Considering everything that has been written on Dr John Dee and Edward Kelley’s Enochian system in the last century and a half, one can’t help but wonder what could be considered “essential” for an Enochian grimoire. Where does one start? What is included? Which Enochian systems? Which elements? Leitch admits this was a challenge when sorting out the material and decided “[i]t must present a simplified overview of the entire system, thereby allowing the student to see the whole proverbial elephant before focusing on the trunk, ears, legs, or other elephantine components in detail.”1 Again though, with all that Dee wrote, and all that has come since, a simplified overview is not an easy task.

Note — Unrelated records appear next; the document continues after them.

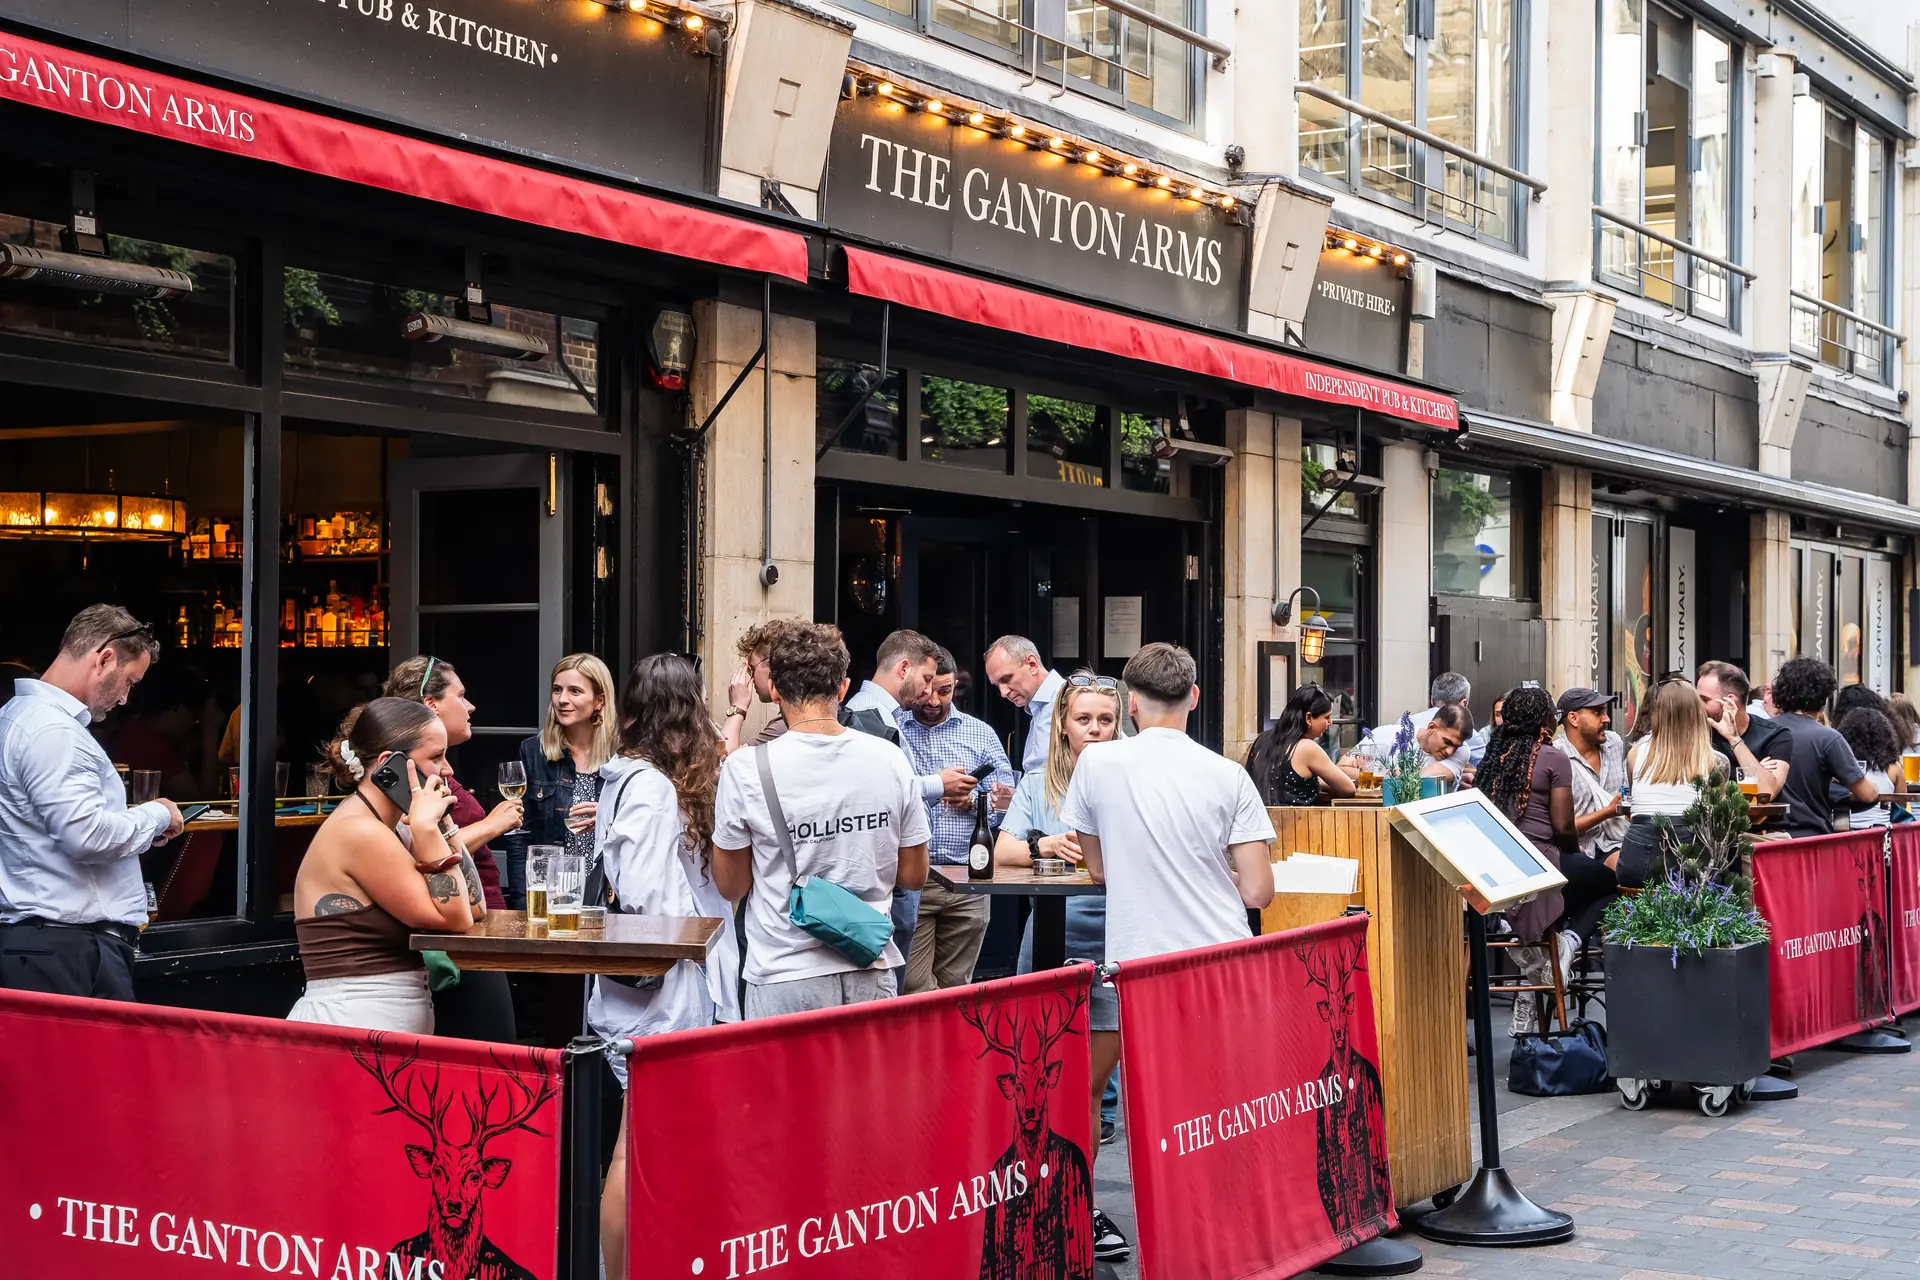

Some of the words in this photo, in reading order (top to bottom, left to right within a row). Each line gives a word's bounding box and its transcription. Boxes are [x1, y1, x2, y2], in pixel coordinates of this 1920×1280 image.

[401, 2, 420, 30] &
[427, 8, 548, 69] KITCHEN
[0, 48, 152, 118] GANTON
[162, 93, 255, 142] ARMS
[861, 133, 951, 211] THE
[962, 167, 1126, 260] GANTON
[1129, 218, 1222, 286] ARMS
[1322, 280, 1365, 308] PRIVATE
[1365, 293, 1391, 316] HIRE
[1304, 371, 1380, 403] INDEPENDENT
[1381, 388, 1400, 408] PUB
[1401, 394, 1410, 411] &
[1410, 396, 1454, 421] KITCHEN
[1591, 554, 1599, 669] CARNABY.
[1678, 564, 1686, 672] CARNABY.
[1785, 937, 1804, 959] THE
[1804, 930, 1837, 956] GANTON
[1838, 925, 1861, 948] ARMS
[1173, 1114, 1214, 1156] THE
[1218, 1088, 1291, 1141] GANTON
[1294, 1073, 1343, 1115] ARMS
[57, 1196, 139, 1247] THE
[149, 1212, 324, 1279] GANTON
[720, 1224, 789, 1280] THE
[798, 1187, 939, 1258] GANTON
[948, 1160, 1028, 1220] ARMS

The focus of the text is “Dee-purist Enochiana, meaning it will not borrow material from any of the sources that came after the man himself passed away.”2 Personally this is exactly the type of book I’d want. There are neo-Enochiana books galore, but very few focus on just Dee’s work, without the later synthesis of the Golden Dawn, and while I don’t have issues with the Golden Dawn adaptations of Enochian materials I would like to see them as they originally were. Unfortunately when you exclude the appendix and introductory material the ratio of Dee-purist against neo-Enochiana becomes 13 to 8, meaning really the focus is less than two thirds of the text.
That being said, the material included is excellent. The introductory material is probably the most complete history I’ve ever read in a single source, focusing far beyond our favourite duo of Dee and Kelley, giving a dozen pages of biographies on lesser known figures important to the Enochian tradition, such as Albert Lansky and Count William of Rosenburg. The history of the tradition is explored in stages, text by text, as things evolved and changed with the work of Dee and Kelley. Too often the history of Enochian magick paints a picture that it come down fairly complete (or incomplete according to some Golden Dawn traditions), but in this text Leitch explores the process of the Enochian system, including how it changed and was reinterpreted as Dee worked with it, and how that continues up to the present day.
This book lives up to its description; it “provides all the details you need to perform the ceremonies.” I do feel though that the ritual instructions could use a bit more fleshing out, especially in a text that is claiming to be “an easy to read manual.” While they are enough to use, sometimes they need a bit more thinking through to understand what is required, which isn’t unusual for a classic grimoire, but seems unusual in a modern text. For instance, when explaining how to use The Book of Loagaeth, the reader is told to use a ritual from the previous chapter, to put a certain image on the front of the book, but said image appears more than 100 pages earlier — it would have been easier if the reader was pointed to it directly, or if it had been reproduced. To make matters more challenging, it is explained that for working the text, you need to handwrite a copy, translating the letters from English to Angelic and writing them right to left.3 Unfortunately, the text is not in that chapter, nor anywhere else in the book, so if one wants to use it one must look elsewhere, which counters the idea that it proves “all the details.”
I feel that if the book had actually focused more on the Dee-purist material with less space given to the neo-Enochian workings it would have been a lot stronger, and a more complete text.
I don’t think this text would function as a standalone introduction into how to do Enochian magick for someone with no background, but for those with some familiarity with the system, or willing to cross-reference with another book, this book contains all the basics. While this isn’t the only book you’d ever need to really get working with Enochian magick, it’s probably the closest to one out on the market.